▶ **TASK INPUT**
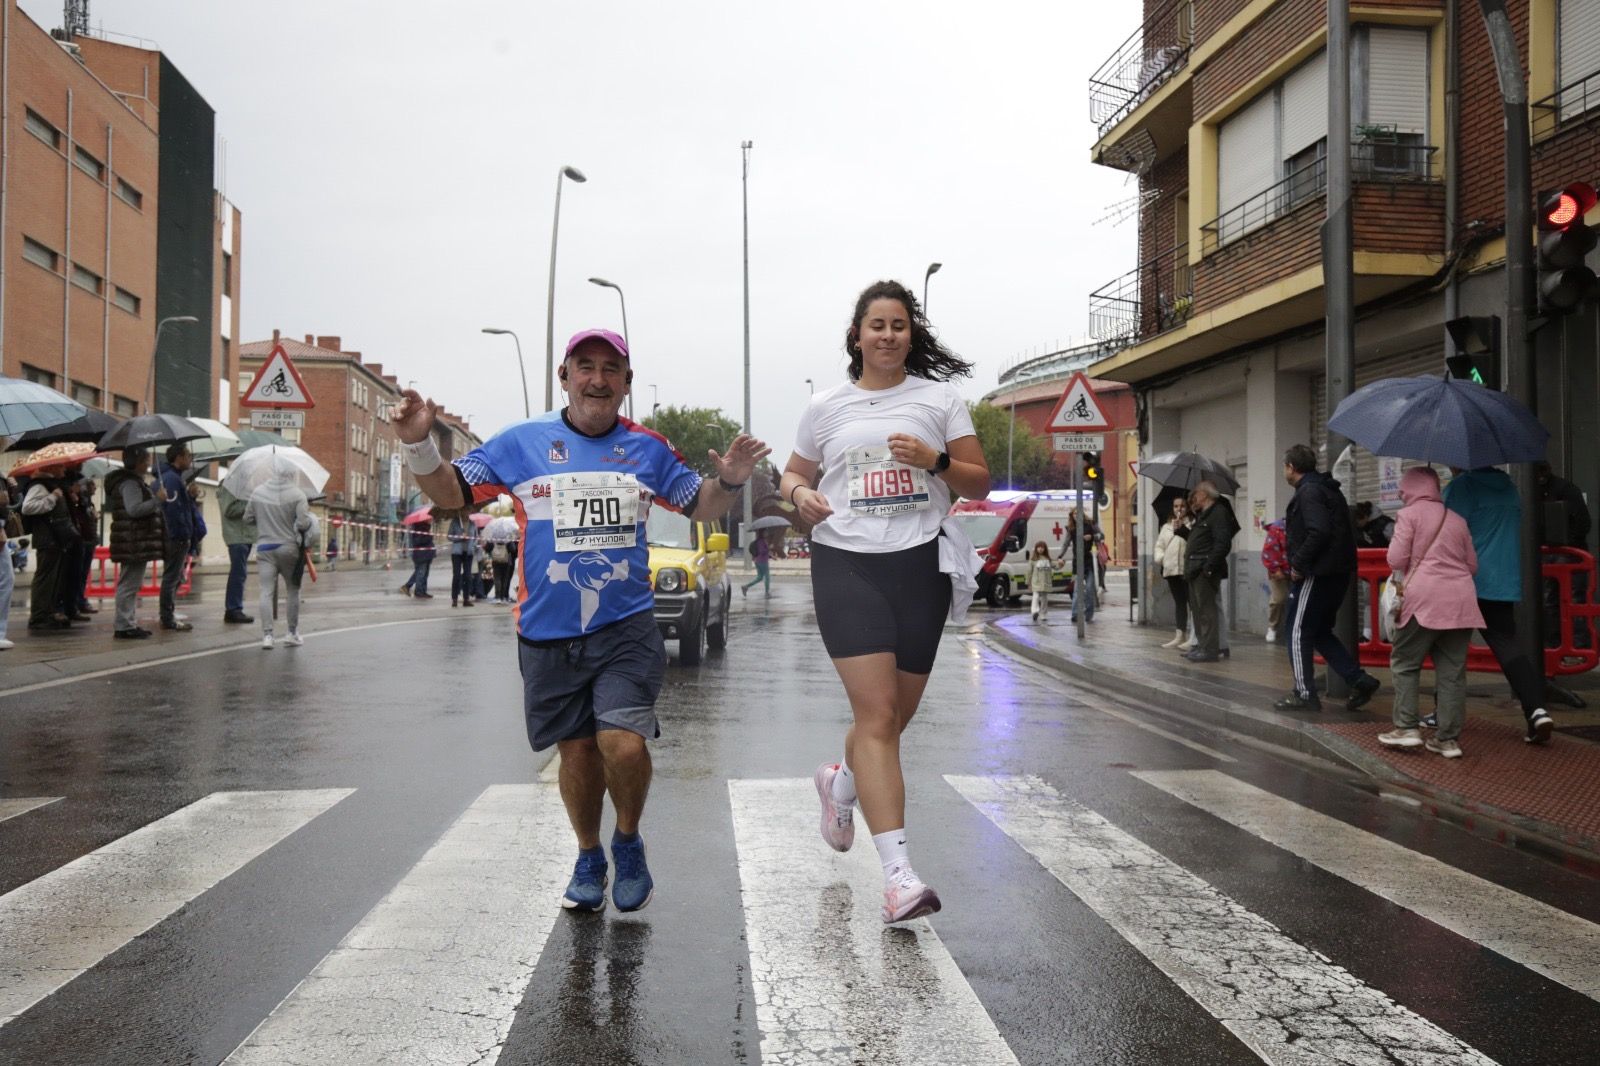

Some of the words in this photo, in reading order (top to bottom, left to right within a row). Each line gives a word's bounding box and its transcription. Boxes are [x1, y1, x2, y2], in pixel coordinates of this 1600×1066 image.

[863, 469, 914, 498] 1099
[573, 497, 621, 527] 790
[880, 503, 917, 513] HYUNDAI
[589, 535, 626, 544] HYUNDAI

▶ **WHAT YOU SHOULD DO**
Would you please print out all the records above exactly, minus any pictures?

▶ **REPLY TO THE TASK**
Some of the words in this photo, in reading order (top to bottom, left to right within a row). Each line gives a word's bounding box and its transcription. Boxes are [x1, y1, x2, y2], in pixel coordinates of this 1600×1066 image.

[863, 469, 914, 498] 1099
[573, 497, 621, 527] 790
[880, 503, 917, 513] HYUNDAI
[589, 535, 626, 544] HYUNDAI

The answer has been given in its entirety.